Macedonia verso il referendum: parte la campagna elettorale
Giochi aperti: i sondaggi danno i favorevoli al 40% ma altrettanti sono coloro che non hanno ancora deciso se andare alle urne
BELGRADO La posta in gioco è altissima, in un Paese frammentato: la futura adesione alla Ue e alla Nato oppure una crisi politica. E l’isolamento. È la scelta che, implicitamente, si troveranno di fronte il 30 settembre gli elettori macedoni, chiamati a confermare o meno nelle urne il cambio del nome del proprio Paese in “Repubblica della Macedonia del nord”, soluzione di compromesso tra Atene e Skopje per risolvere la decennale disputa tra le due capitali e rilanciare il processo d’adesione della Macedonia a Ue e Nato. È lì «il nostro futuro, lo assicureremo il 30 settembre», ha affermato il premier Zoran Zaev, aprendo ufficialmente le danze di una campagna elettorale iniziata da poche ore.

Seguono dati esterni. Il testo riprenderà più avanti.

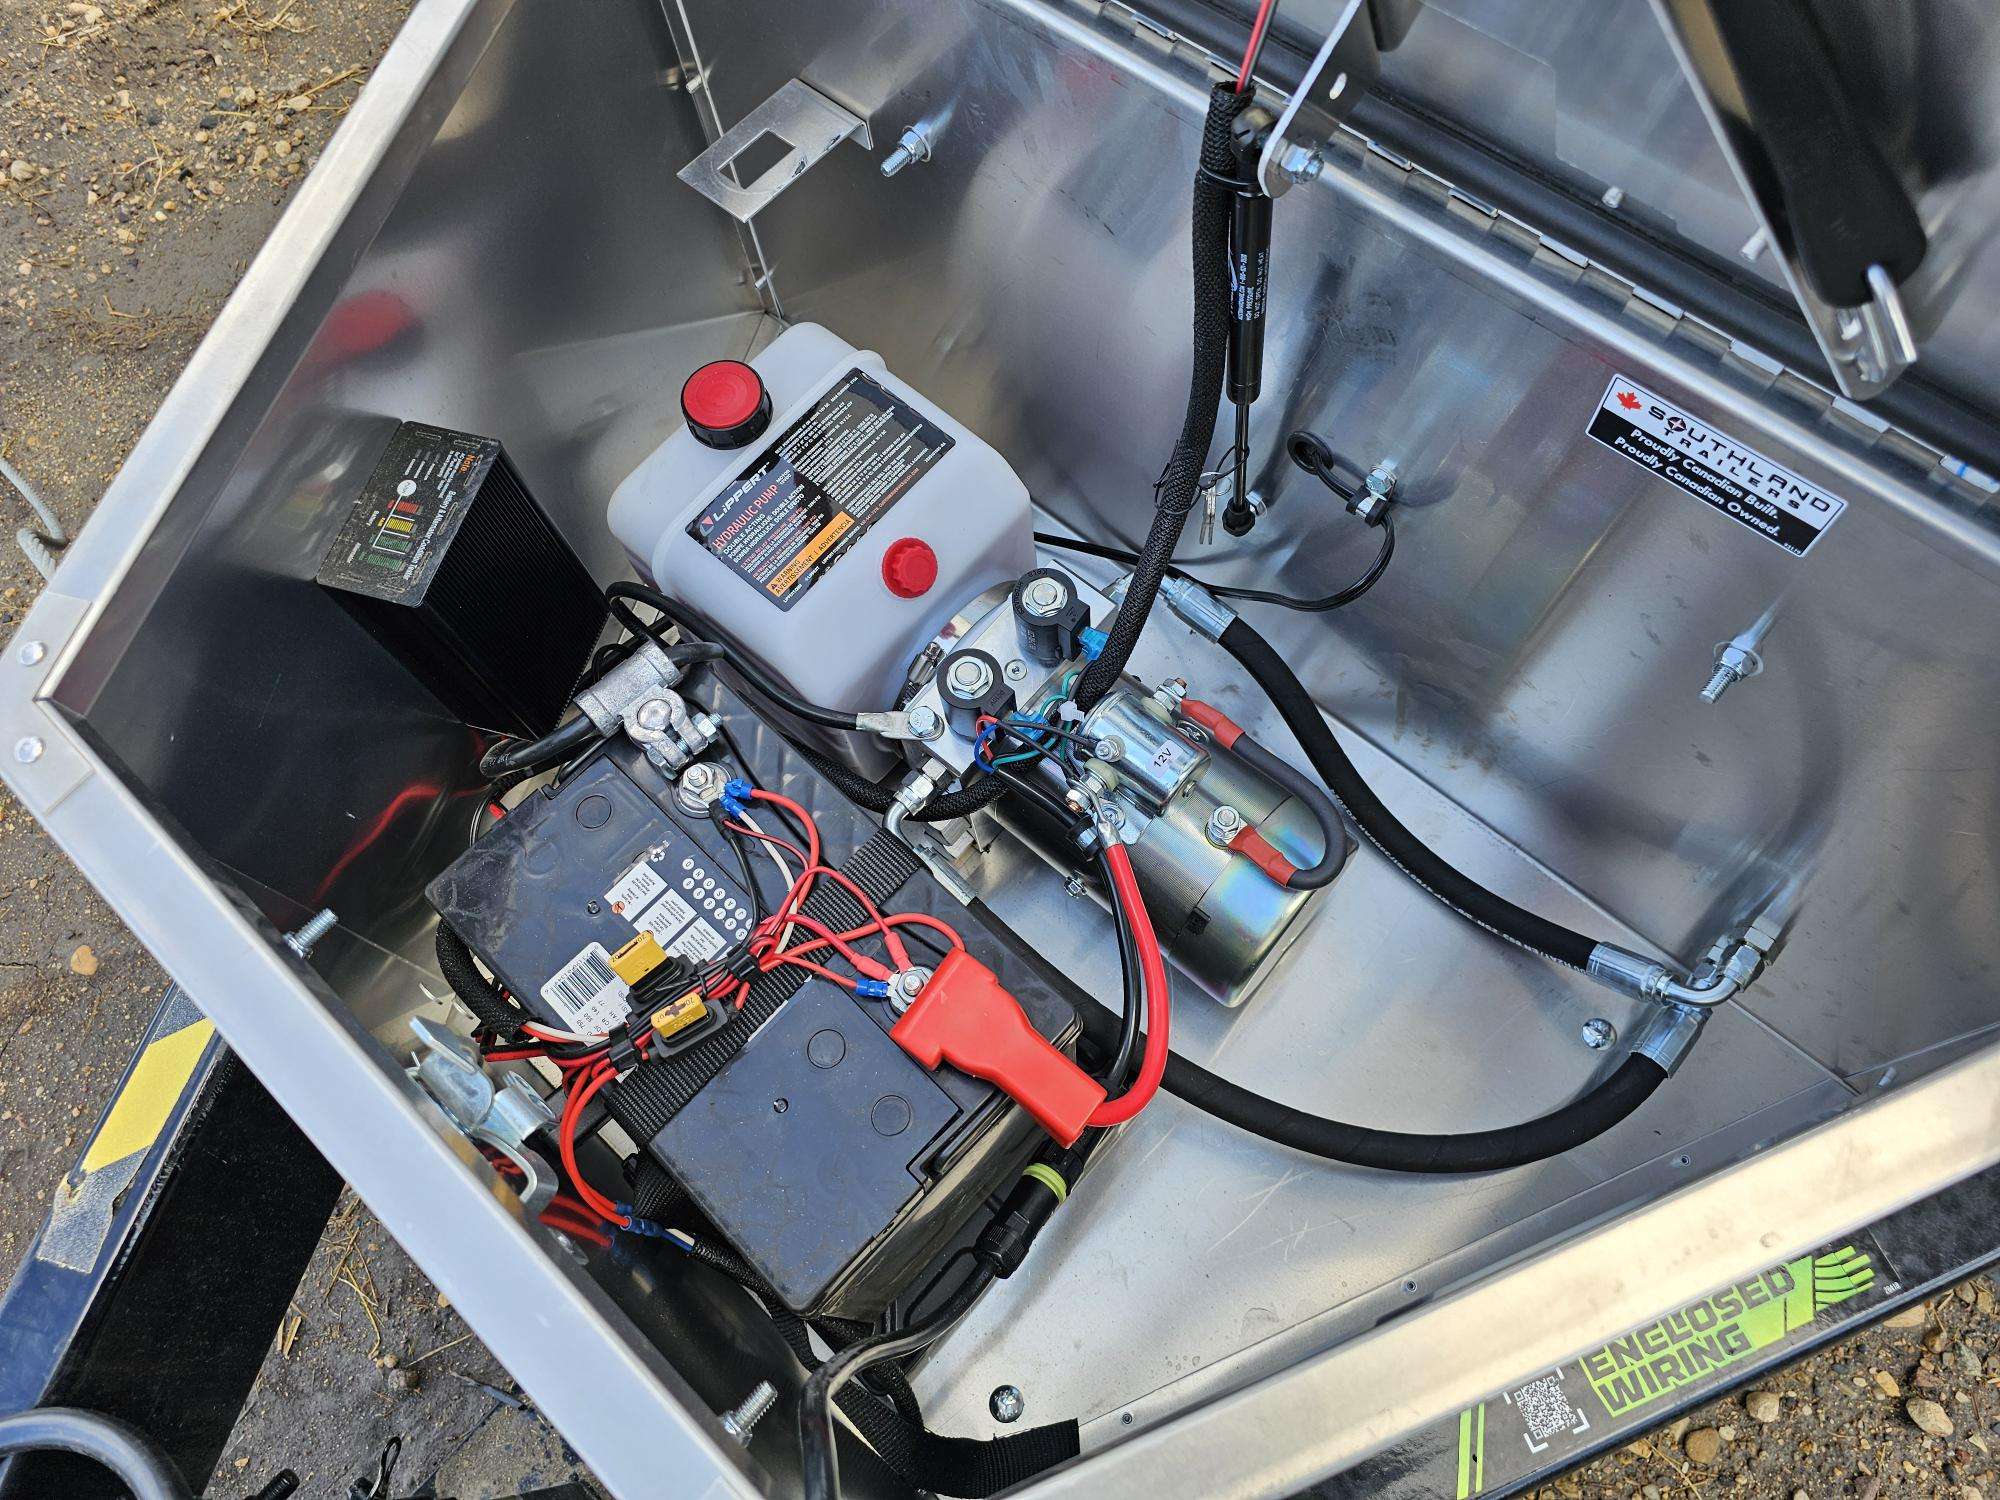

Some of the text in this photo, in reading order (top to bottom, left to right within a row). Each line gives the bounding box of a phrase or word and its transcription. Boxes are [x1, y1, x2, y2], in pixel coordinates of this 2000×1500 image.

[458, 453, 475, 474] Note:
[1614, 437, 1779, 536] Proudly Canadian Owned.
[1630, 429, 1779, 519] Proudly Canadian Built.
[1648, 405, 1831, 513] SOUTHLAND
[1664, 428, 1800, 509] TRAILERS
[423, 513, 443, 539] Alternator
[439, 489, 456, 510] Battery
[712, 504, 759, 550] HYDRAULIC
[754, 483, 780, 509] PUMP
[723, 512, 766, 554] DOUBLE ACTING
[727, 541, 744, 558] POMPE
[771, 498, 790, 516] DOUBLE
[787, 483, 804, 500] ACTION
[788, 493, 805, 509] EFECTO
[775, 554, 814, 594] AVERTISSEMENT
[818, 518, 851, 551] ADVERTENCIA
[776, 558, 800, 583] WARNING
[1152, 747, 1173, 768] 12V
[1583, 1265, 1795, 1381] ENCLOSED
[1597, 1323, 1752, 1412] WIRING

Il “sì” è intrecciato con l'integrazione. Non a caso il governo ha fatto pressioni affinché il quesito referendario sia più che esplicito: «Siete in favore dell’adesione a Ue e Nato attraverso l’accettazione dell’accordo tra Macedonia e Grecia», riferimento alla storica intesa di Prespa del giugno scorso? A dire sì, secondo gli ultimi sondaggi, sarà oltre il 40% di chi andrà a votare; ma rimane apertissima l’incognita del boicottaggio, con un 40% e oltre di indecisi se andare alle urne o disertarle. E i giochi sono ancora aperti, perché, per essere valido, al referendum deve partecipare il 50% più uno degli aventi diritto.
Convincere gli indecisi è ora l’impegno del fronte del sì, con iniziative come “EUreka”, un magazine per «informare i cittadini sui vantaggi e le sfide» dell’integrazione euro-atlantica. E poi centinaia di migliaia di euro da investire in cartelloni pubblicitari pro-cambio del nome, campagne sui social media, promesse di nuovi fondi in arrivo dall’Ue e di un futuro un gasdotto con la Grecia. A fare da contraltare, i richiami al boicottaggio dell’opposizione di centrodestra, monopolizzata dal partito Vmro-Dpmne – per ora ancora timido nell’agone referendario - ma anche decine di associazioni che si stanno coalizzando nel fronte «Macedonia boicotta».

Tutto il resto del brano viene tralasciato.